Representing as many as half of all non-Hodgkin's lymphoma diagnoses, diffuse large B-cell lymphoma is the most frequently diagnosed subtype. An aggressive disease, it is considered curable with combination chemotherapy.

Testing and treatment for DLBCL

With this disease, patients must then undergo several years of computerized tomography (CT) scanning to check for disease recurrence, which is often indicative of a poor prognosis. However, NCI researchers have found that by measuring the circulating tumor DNA (ctDNA) in a patient's blood, they can detect disease recurrence in DLBCL, often well before the disease could be detected using CT scans (the current standard for disease assessment). Doing so also eliminates the radiation risk associated with frequent scans.

DLBCL is usually curable but when treatment fails, the long-term prognosis is poor. Currently, imaging using CT or interim PET (iPET) scans is used to monitor patients during and after treatment, but is often imprecise. Repeated radiation exposure is a potential health risk and a financial burden. Because relapses of DLBCL most likely occur due to the presence of residual disease at a level below that which can be detected by imaging, a more precise measure of disease recurrence potential was sought.

NCI investigators, led by Wyndham Wilson, M.D., Ph.D., Center for Cancer Research, analyzed serum from 126 patients with DLBCL for the presence of ctDNA. To detect it, the team used a quantitative method that assesses gene segments with advanced sequencing techniques. All patients received therapy involving the drugs etoposide, prednisone, vincristine, cyclophosphamide, and doxorubicin (EPOCH), with or without the biologic agent rituximab (R-EPOCH), in clinical trials between May 1993 and December 2013. Serum samples were collected before treatment, during treatment, and for many years after therapy. The patients also had CT scans done at the same time as the blood testing as part of standard surveillance. They were followed for a median of 11 years after the completion of therapy.

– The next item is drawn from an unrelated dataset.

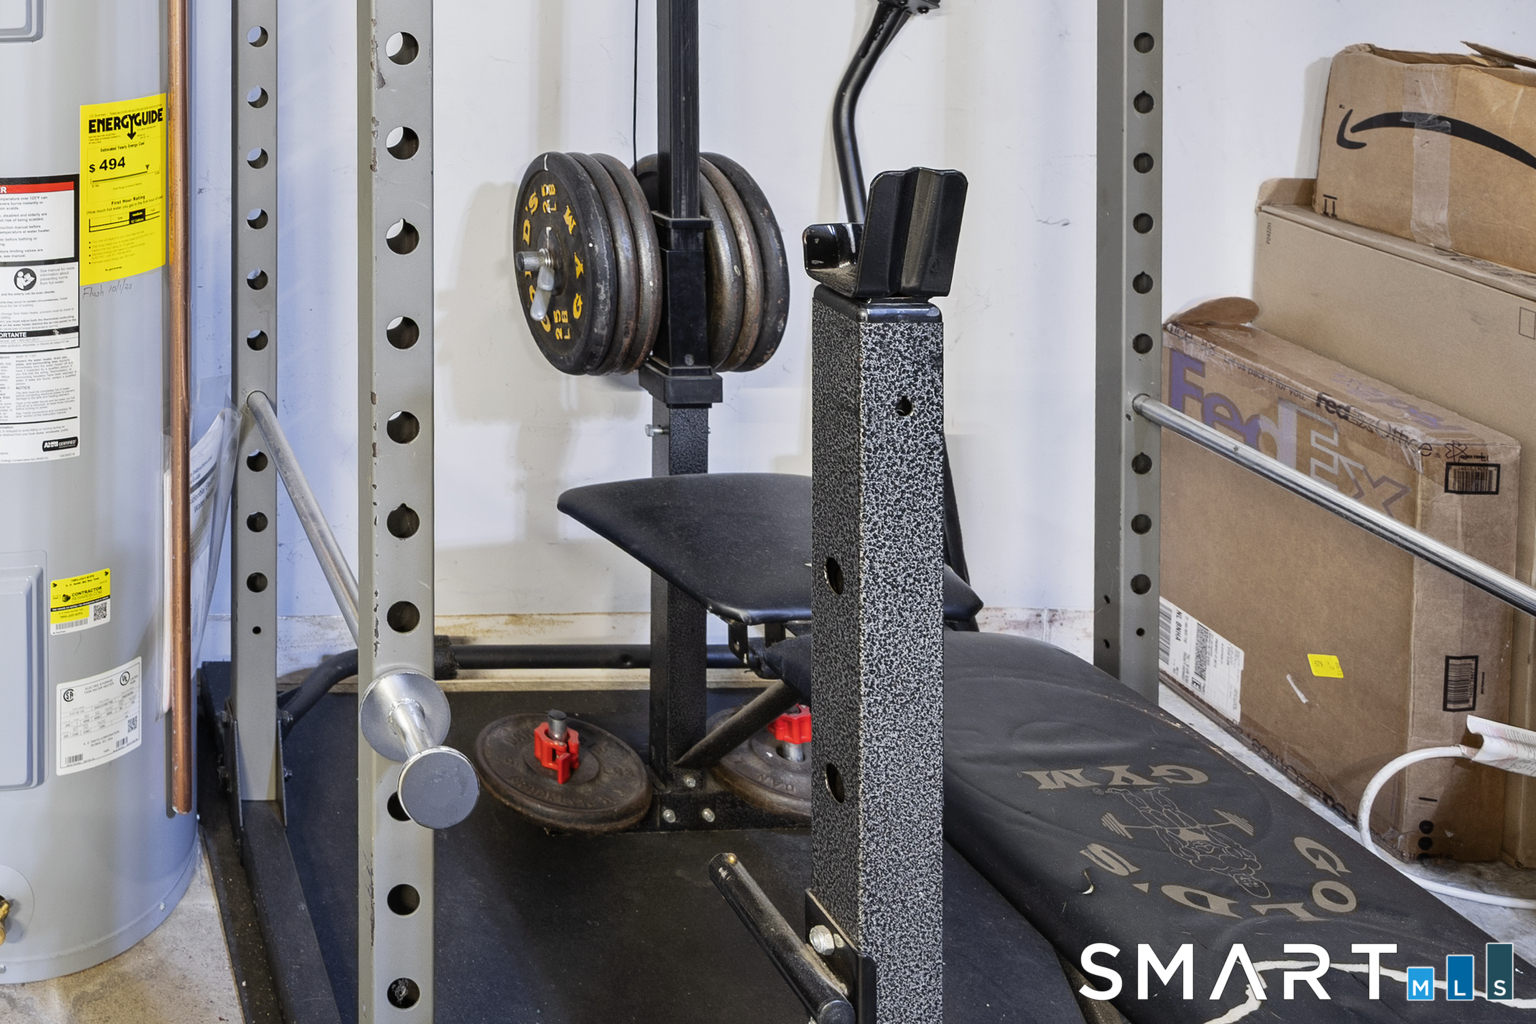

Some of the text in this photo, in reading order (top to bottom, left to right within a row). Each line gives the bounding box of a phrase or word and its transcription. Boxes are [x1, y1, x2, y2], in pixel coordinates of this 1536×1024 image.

A total of 107 patients in the study achieved complete remission; the team found that those who developed detectable ctDNA during surveillance were over 200 times more likely to have their disease progress than those who did not have detectable ctDNA.

The researchers also found that measuring ctDNA enabled the detection of cancer recurrence a median of 3.4 months before clinical evidence of disease – meaning before the patient began to display signs of the disease. The ctDNA test also predicted which patients would not respond to therapy as early as their second cycle of treatment – a strategy known as interim monitoring.

“Interim ctDNA is a promising biomarker to identify patients at high risk of not responding to treatment for their disease,” noted Dr. Wilson. “Even with frequent CT imaging, administered for a median of 11 times per patient in our study, early disease detection was suboptimal. Indeed, a recent study suggested that surveillance CT scans might be no better than an up-to-date patient history and physical exams, supporting the need for more effective monitoring technologies."

The research was reported in the journal Lancet Oncology.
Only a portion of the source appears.